On 03/22/2017 05:30 PM, Emmanuel Hocdet wrote:
Hi Fred,
Hi Emmanuel,
Le 21 mars 2017 à 23:14, Willy Tarreau <[email protected]> a écrit :
On Tue, Mar 21, 2017 at 07:54:30PM +0100, Frederic Lecaille wrote:
Hello HAProxy ML,
I am starting this new thread to publish a serie of patches to make
all "server" settings be supported on "default-server" lines.
This is a preliminary work for "server templates" feature.
New boolean settings have been added to disable others. Most of them
have "no-" as prefix.
(...)
Wow I didn't realize you had already done all this! That's really cool!
I agree :)
Here is an exhaustive list:
(...)
"sslv2" disables "no-sslv3",
"ssl-reuse" disables "no-ssl-reuse",
"stick" disables "non-stick",
"tlsv10" disables "no-tlsv10",
"tlsv11" disables "no-tlsv11",
"tlsv12" disables "no-tlsv12",
"tls-tickets" disables "no-tls-tickets".
Hmmm I hadn't thought about these ones, I suspect they'll cause more
confusion than anything else, especially given that the "tlsv11" above
cancelling "no-tlsv11" is not the same as "force-tlsv11". We need to
discuss this with Emeric, he's already scratching his head around these
ones without these double negations, he will hate us now :-)

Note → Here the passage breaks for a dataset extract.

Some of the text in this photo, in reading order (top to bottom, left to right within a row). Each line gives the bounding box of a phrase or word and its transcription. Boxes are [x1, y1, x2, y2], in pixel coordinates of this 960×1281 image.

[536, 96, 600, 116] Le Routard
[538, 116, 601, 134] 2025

I have patches sent in the ML who change the internal implementation of
no/force-tlsxx and add min/max-tlsxx (who can replace no/force usage).
It could simplify (or not) what you want to do, but there will be an impact on
your patches if they are accepted.
++
Manu
Ok. Thank your for these information Emmanuel,
Fred